** MATERIAL PROVIDED follows **
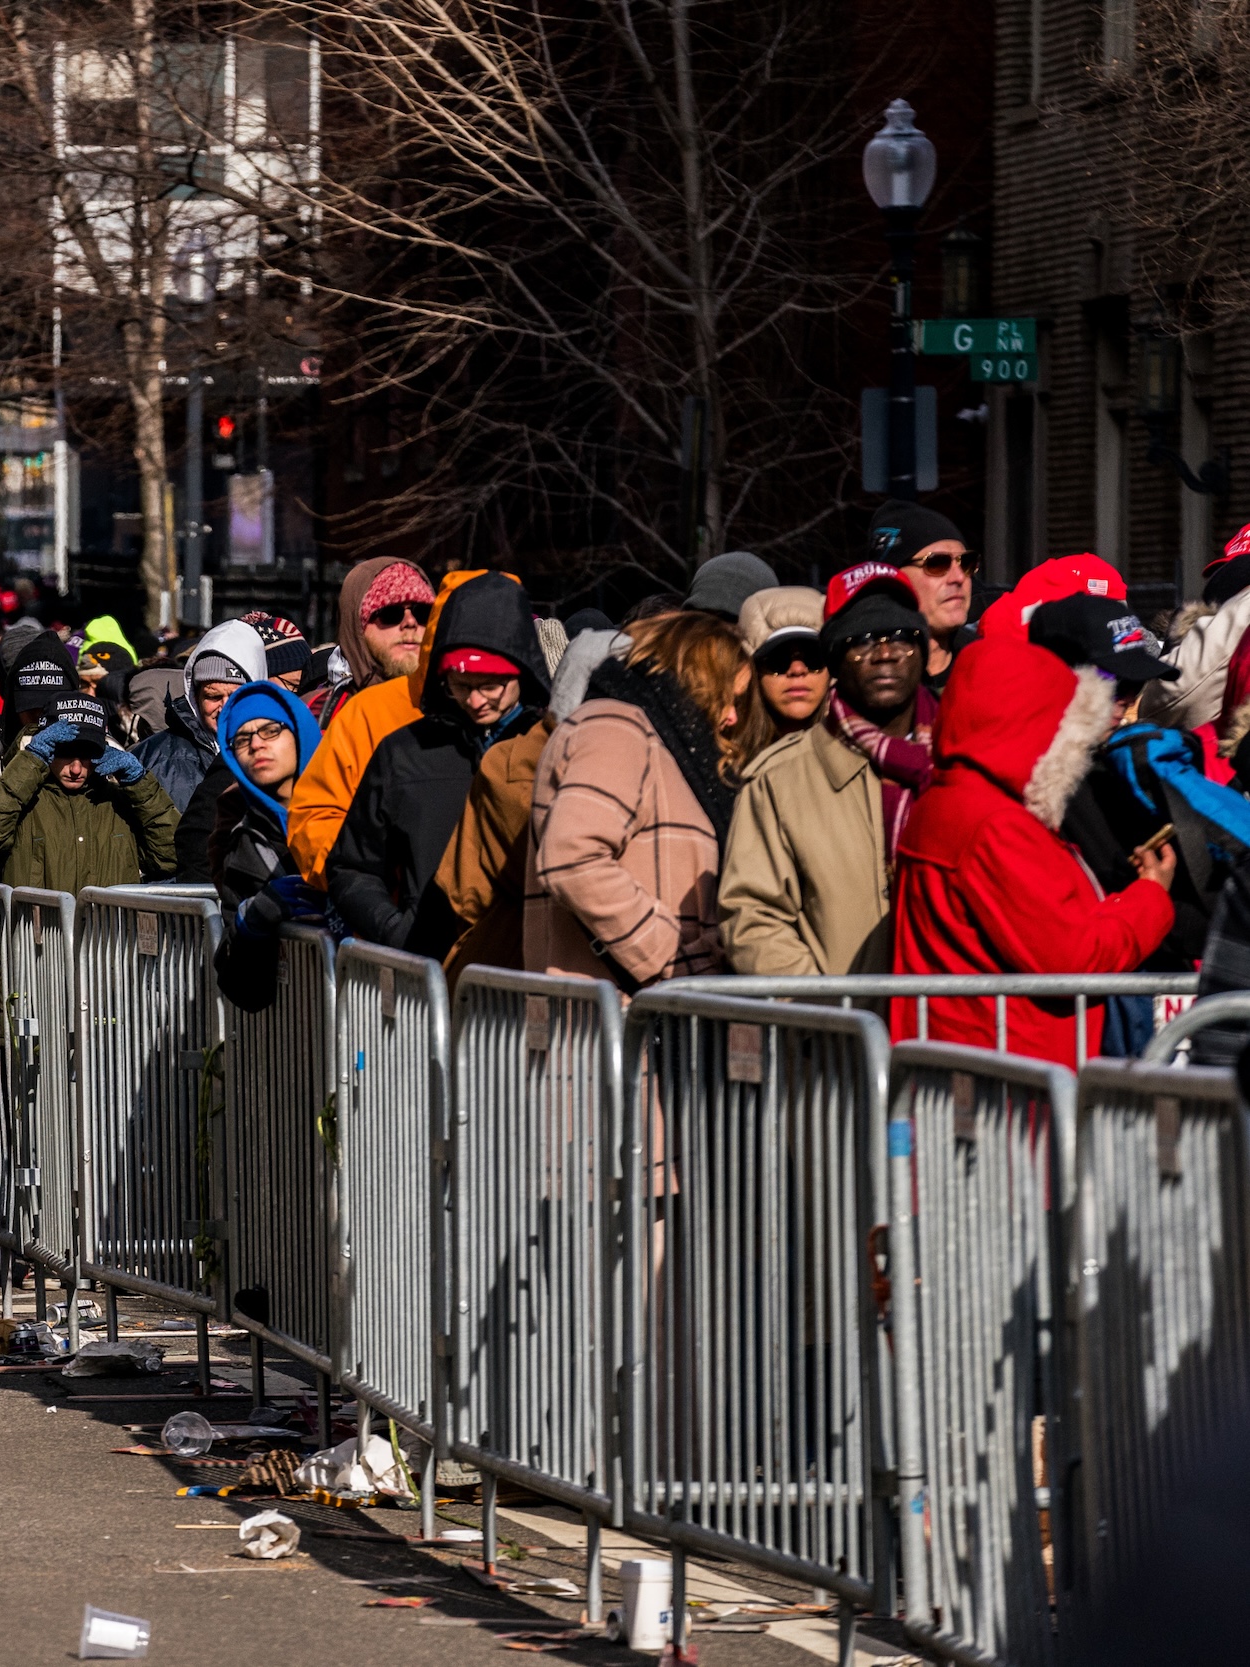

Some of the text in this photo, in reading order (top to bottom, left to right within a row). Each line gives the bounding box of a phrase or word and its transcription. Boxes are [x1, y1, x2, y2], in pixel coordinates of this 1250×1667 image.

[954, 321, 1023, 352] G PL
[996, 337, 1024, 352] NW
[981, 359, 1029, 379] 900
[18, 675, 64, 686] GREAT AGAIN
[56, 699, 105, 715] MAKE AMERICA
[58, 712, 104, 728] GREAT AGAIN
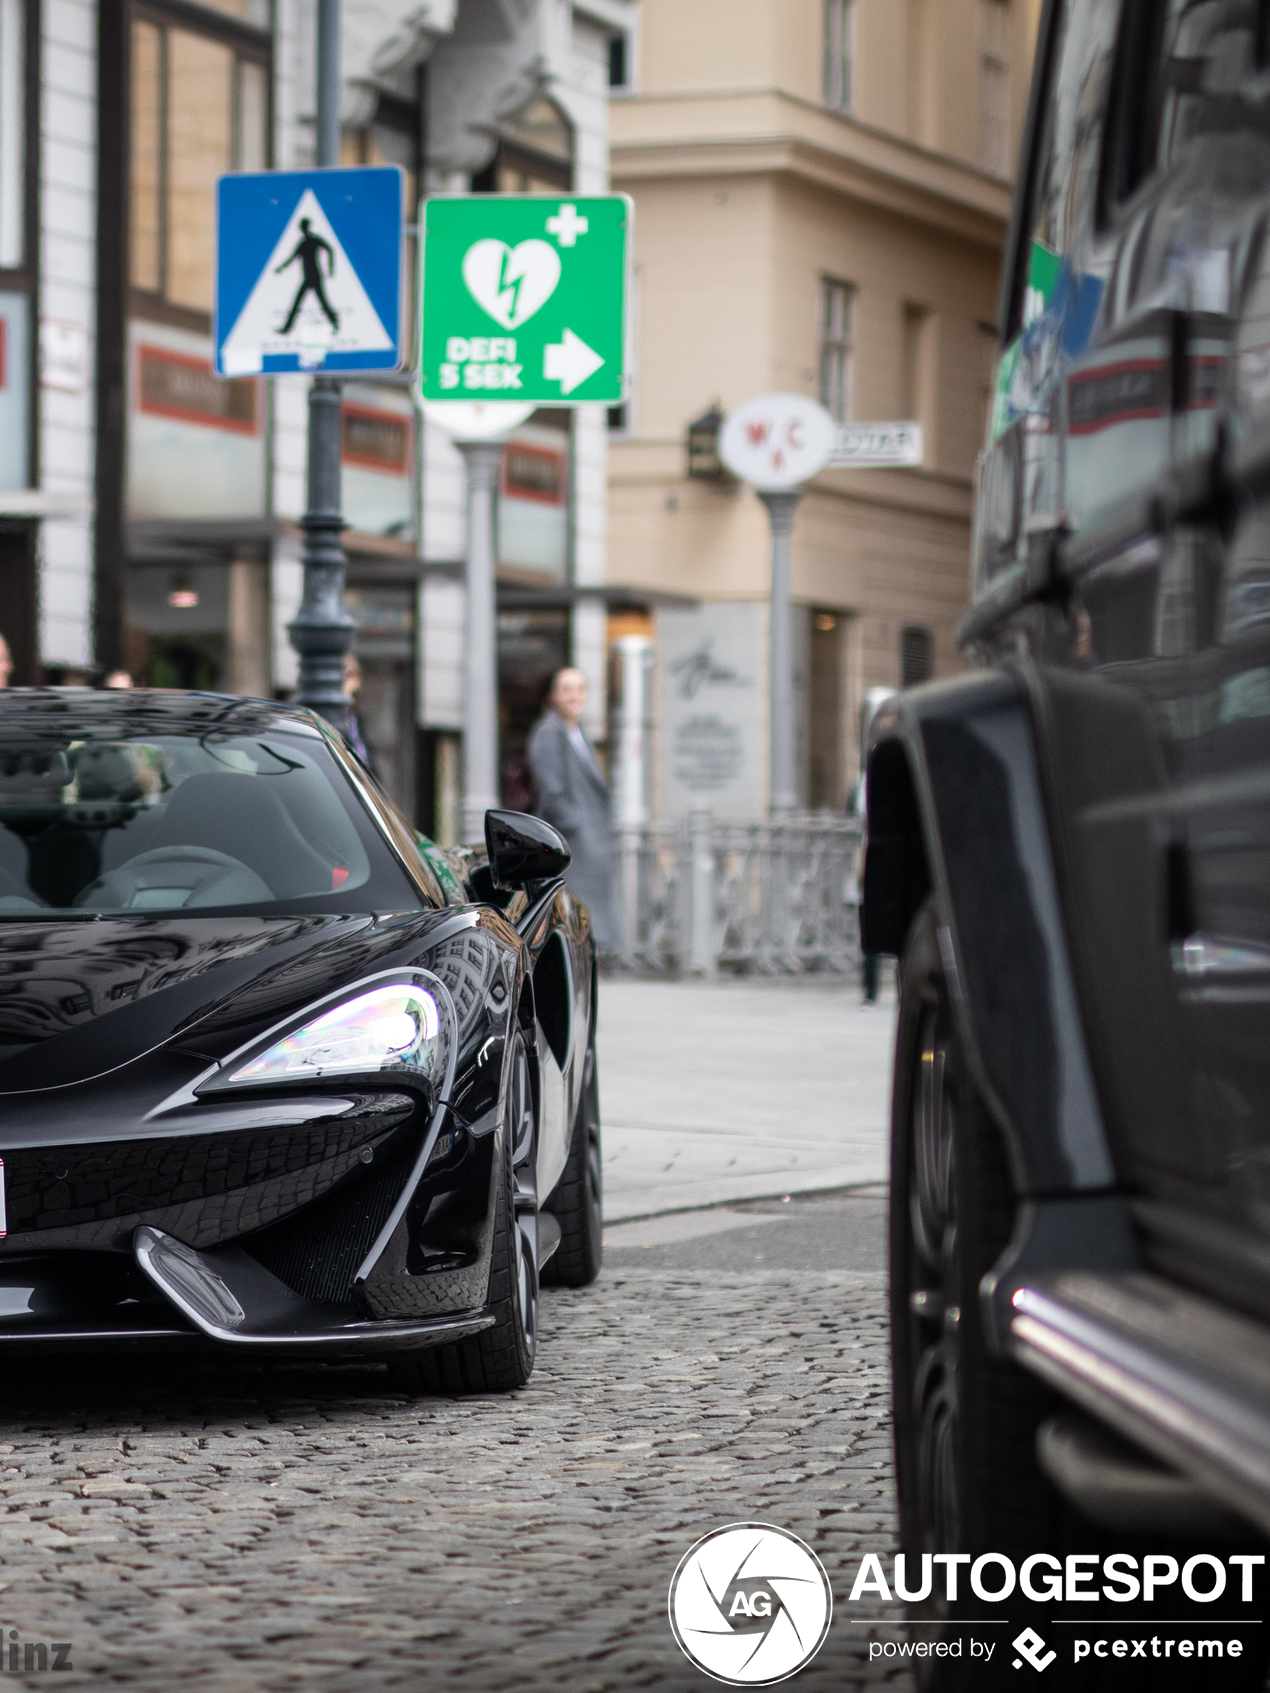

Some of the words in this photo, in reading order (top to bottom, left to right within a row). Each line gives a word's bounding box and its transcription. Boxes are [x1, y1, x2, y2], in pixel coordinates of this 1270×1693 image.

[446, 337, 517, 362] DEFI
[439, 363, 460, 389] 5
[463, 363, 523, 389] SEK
** End of MATERIAL PROVIDED **
**WHAT IS REQUIRED**
In the entries, the line containing "Some of the words" and every line after it through the last are to be duplicated exactly, and no other line is to be included.

**YOUR RESPONSE**
Some of the words in this photo, in reading order (top to bottom, left to right within a row). Each line gives a word's bounding box and its transcription. Boxes are [x1, y1, x2, y2], in pixel coordinates of this 1270×1693 image.

[446, 337, 517, 362] DEFI
[439, 363, 460, 389] 5
[463, 363, 523, 389] SEK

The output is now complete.